Le Directeur Général de la Caisse Nationale des Allocations Familiales, Daniel Lenoir, accueille plutôt favorablement le rapport produit par Terra Nova sur la réduction des inégalités avant la maternelle. Il profite de cette actualité pour défendre les notions d’evidence-based et d’évaluation, encore très contestées dans le champ social.
Que vous inspire la teneur générale du rapport publié par Terra Nova ?
Daniel Lenoir: Nous avons beaucoup de points d’accord avec ce rapport. Pour rappel nous avions organisé il y a trois ans un colloque avec Terra Nova et l’Institut Montaigne. Le rapport qui vent d’être publié est dans la filiation de ce colloque. Il y a désormais un large consensus sur le fait qu’il faut investir dans la petite enfance. L’accueil du jeune enfant doit permettre la conciliation vie privée-vie professionnelle, l’insertion professionnelle des mères seules et cet accueil constitue aussi, en effet, un investissement social, un outil de lutte contre les inégalités. Il se trouve que l’investissement social dans la petite enfance est l’un des plus efficaces. Je vois donc dans ces propositions des constats et des orientations que nous avons pu faire et je m’en réjouis.

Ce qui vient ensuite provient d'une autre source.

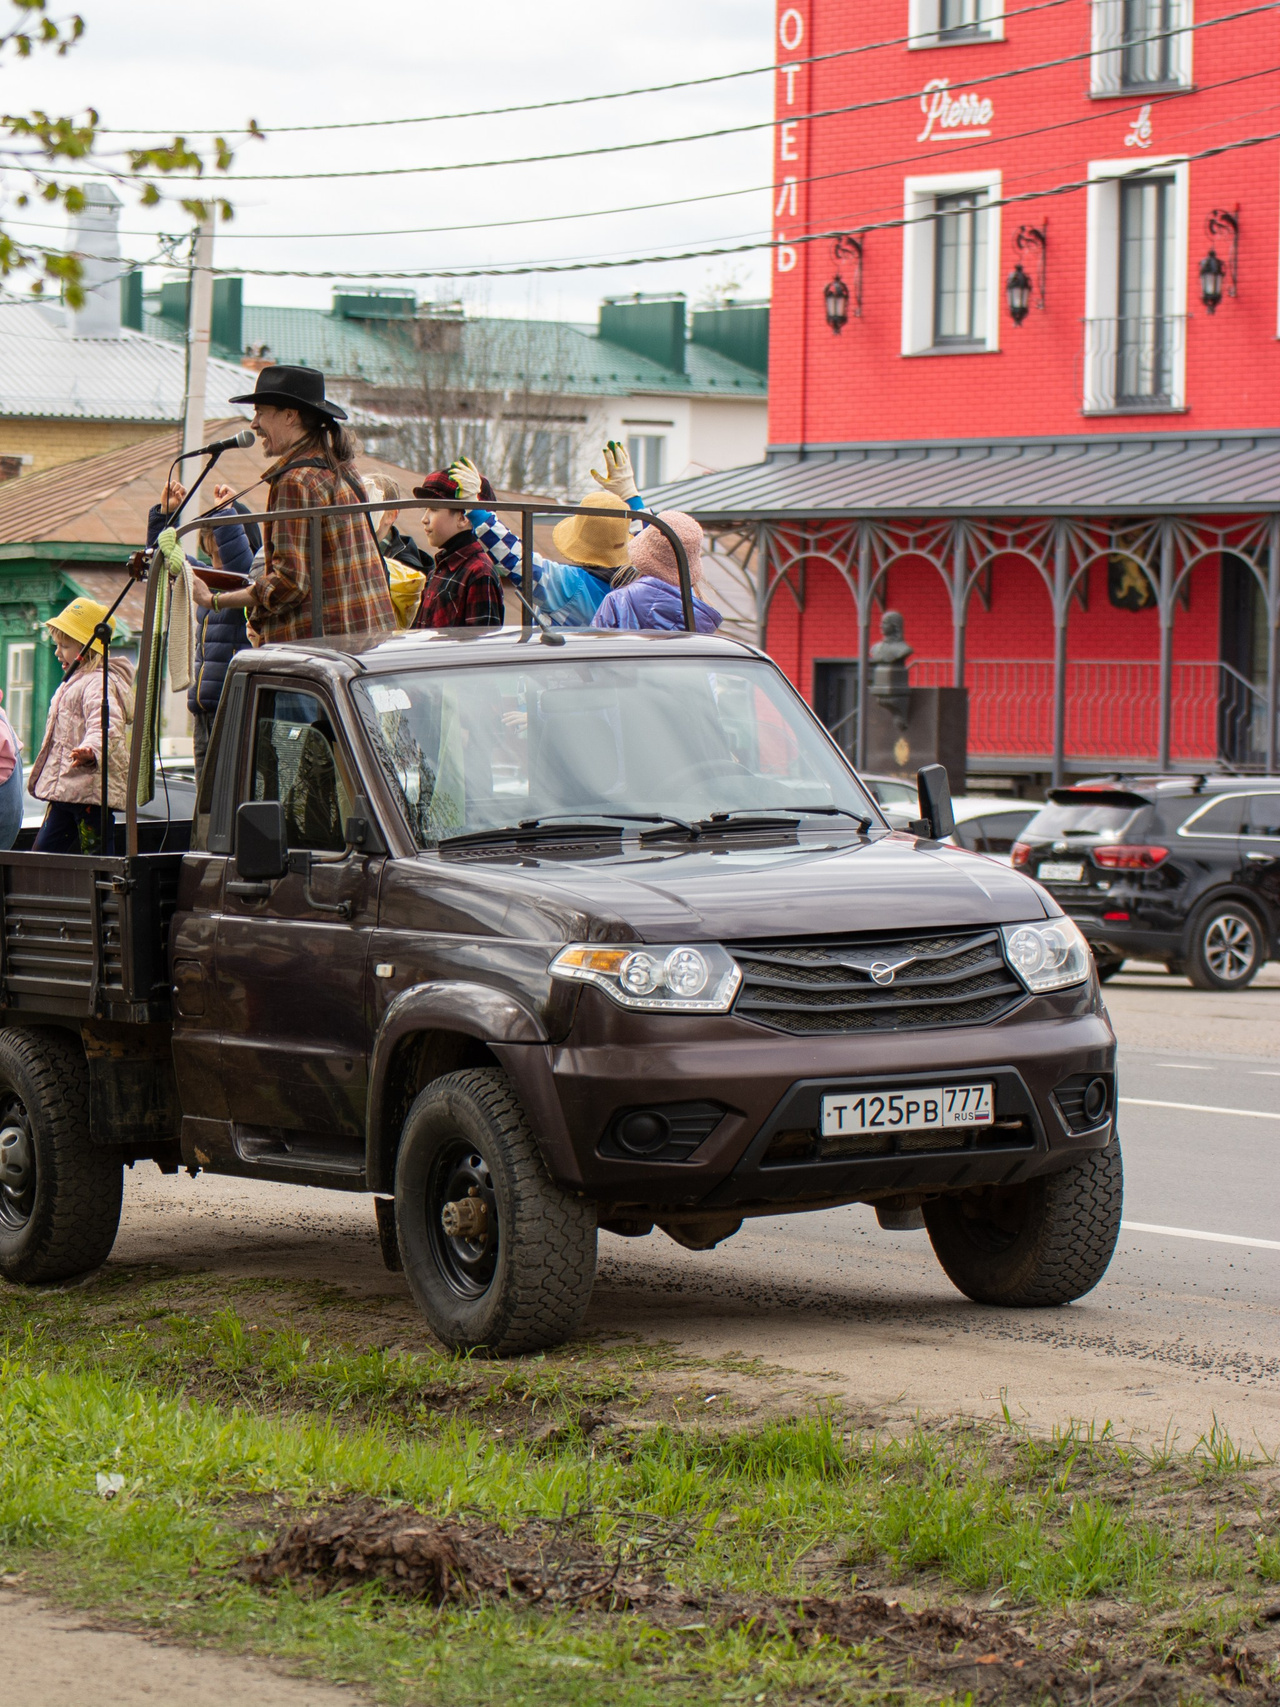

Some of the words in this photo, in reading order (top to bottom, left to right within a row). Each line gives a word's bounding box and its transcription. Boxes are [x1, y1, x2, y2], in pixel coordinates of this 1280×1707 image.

L’autre point positif c’est la nécessité d’une recherche action sur la petite enfance. Nous adhérons totalement à cette idée dans la mesure où nous avons participé au travail coordonné par l’Ansa sur les what works. Nous sommes en train de monter un fonds pour l’investissement social sur ce modèle, ce qui rejoint donc la recommandation N°10 du rapport de Terra Nova. Nous pensons que l’évaluation ne doit pas être dissociée de l’action, ce qui n’empêche pas de garantir l’indépendance des évaluations. Nous avons aujourd’hui des outils solides pour évaluer le rendement social des prestations. Il ne s’agit pas tant de dépenser plus mais de dépenser mieux.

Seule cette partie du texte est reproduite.